5.1 Tariefsystematiek 2024 tot en met 2026

De tariefssystematiek is opgebouwd uit:

  1. Het richttariefpercentage 2025 voor de sector GZ;

  2. Aanpassingen op het richttariefpercentage;

  3. Een hardheidsclausule.

5.1.1 Het richttariefpercentage 2025

Sinds het jaar 2022 werken zorgkantoren met een landelijk vastgesteld richttariefpercentage. Dit landelijk richttariefpercentage is voor de jaren 2024 – 2026 doorontwikkeld en vastgesteld per sector en dient als uitgangspunt voor het bepalen van een tariefpercentage per zorgaanbieder.

Het vaststellen van de richttariefpercentages 2025 doen we op dezelfde manier als waarmee de richttariefpercentages 2024 zijn vastgesteld zoals aangegeven in de Nota van Wijziging 31 mei 2024 en bijlage 7.  Zorgkantoren behouden zich het recht voor om in latere jaren op een andere wijze uitvoering te geven aan het arrest[1]

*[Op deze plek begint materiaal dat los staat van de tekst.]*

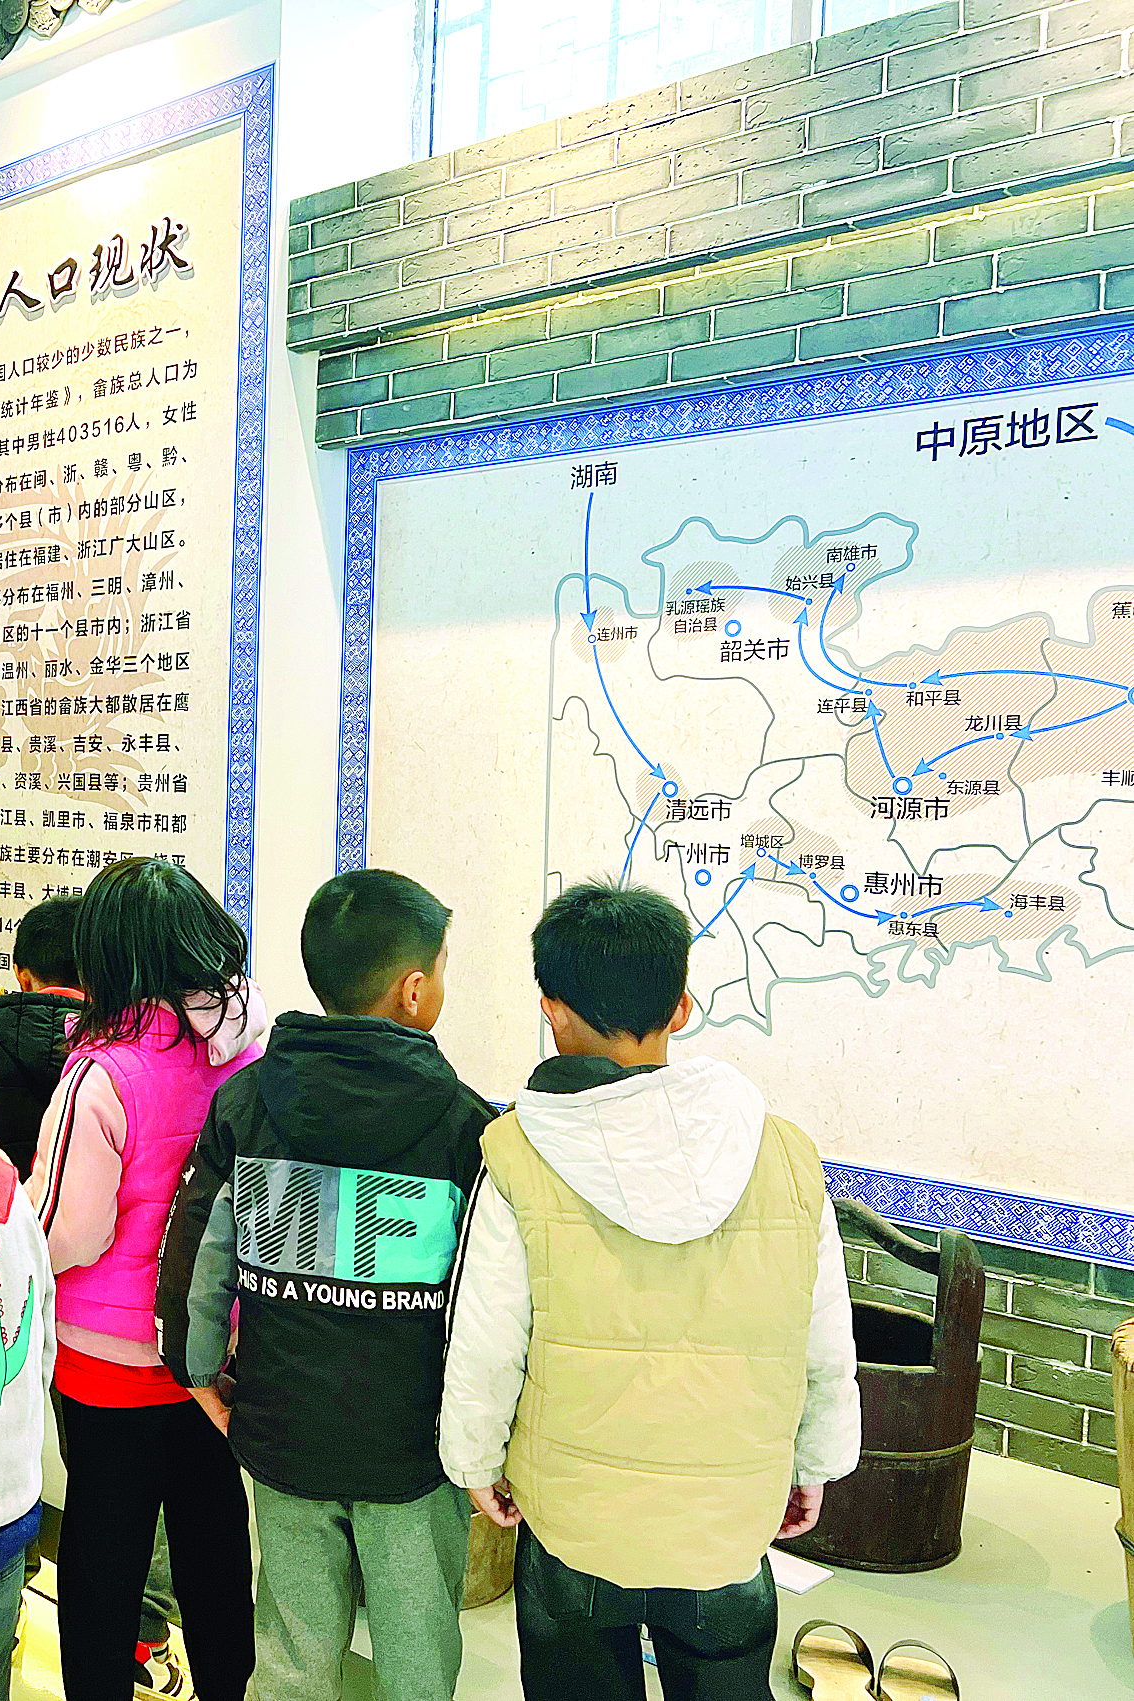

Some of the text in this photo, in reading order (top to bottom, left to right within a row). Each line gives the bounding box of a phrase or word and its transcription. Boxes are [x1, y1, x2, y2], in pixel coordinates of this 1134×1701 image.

[915, 401, 1099, 462] 中原地区
[570, 460, 619, 490] 湖南
[826, 543, 878, 564] 南雄市
[785, 572, 835, 591] 始兴县
[665, 598, 726, 616] 乳源瑶族
[596, 625, 638, 642] 连州市
[673, 617, 718, 634] 自治县
[720, 637, 790, 663] 韶关市
[817, 696, 869, 714] 连平县
[906, 689, 962, 707] 和平县
[965, 714, 1023, 733] 龙川县
[946, 779, 1001, 796] 东源县
[664, 799, 732, 822] 清远市
[870, 795, 951, 821] 河源市
[739, 833, 785, 850] 增城区
[664, 843, 731, 866] 广州市
[798, 854, 846, 871] 博罗县
[863, 872, 944, 898] 惠州市
[1009, 894, 1067, 912] 海丰县
[888, 921, 940, 938] 惠东县
[261, 1276, 278, 1298] IS
[283, 1282, 299, 1301] A
[302, 1282, 377, 1310] YOUNG
[382, 1290, 445, 1311] BRAND

Voor de berekening van de richttariefpercentages zijn de laatst beschikbare jaarverslagen van de zorgaanbieders nodig. Voor de richttariefpercentages 2025 betreffen dit de beschikbare jaarverslagen 2023. Deze jaarverslagen worden pas op 1 juni a.s. gepubliceerd. Dit betekent dat de richttariefpercentages 2025 pas na deze datum berekend kunnen worden en daarom uiterlijk op 5 september 2024 gepubliceerd worden. 

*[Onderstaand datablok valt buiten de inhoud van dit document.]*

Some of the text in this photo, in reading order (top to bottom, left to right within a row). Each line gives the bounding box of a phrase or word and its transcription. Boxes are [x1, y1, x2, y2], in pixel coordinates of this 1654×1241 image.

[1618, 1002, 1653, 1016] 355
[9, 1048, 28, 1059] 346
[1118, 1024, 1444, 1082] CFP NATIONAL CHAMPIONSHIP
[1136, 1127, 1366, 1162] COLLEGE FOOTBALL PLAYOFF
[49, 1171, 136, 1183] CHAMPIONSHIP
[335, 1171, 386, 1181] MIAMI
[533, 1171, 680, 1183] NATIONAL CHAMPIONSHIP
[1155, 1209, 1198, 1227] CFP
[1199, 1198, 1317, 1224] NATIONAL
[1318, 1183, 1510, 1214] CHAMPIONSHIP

In het proces van de Nota van Inlichtingen kunnen zorgaanbieders vragen stellen over de wijze waarop de richttariefpercentages 2025 berekend worden. Na publicatie van de richttariefpercentages 2025 kunnen zorgaanbieders bezwaren uiten tegen de hoogte van de richttariefpercentages 2025 en de (wijze van) totstandkoming daarvan. Hiervoor geldt een termijn van 20 kalenderdagen.  

Het staat zorgaanbieders vrij om binnen deze termijn mee te delen dat zij hun inschrijving niet langer gestand doen naar aanleiding van het op 5 september 2024 gepubliceerde richttariefpercentage 2025. 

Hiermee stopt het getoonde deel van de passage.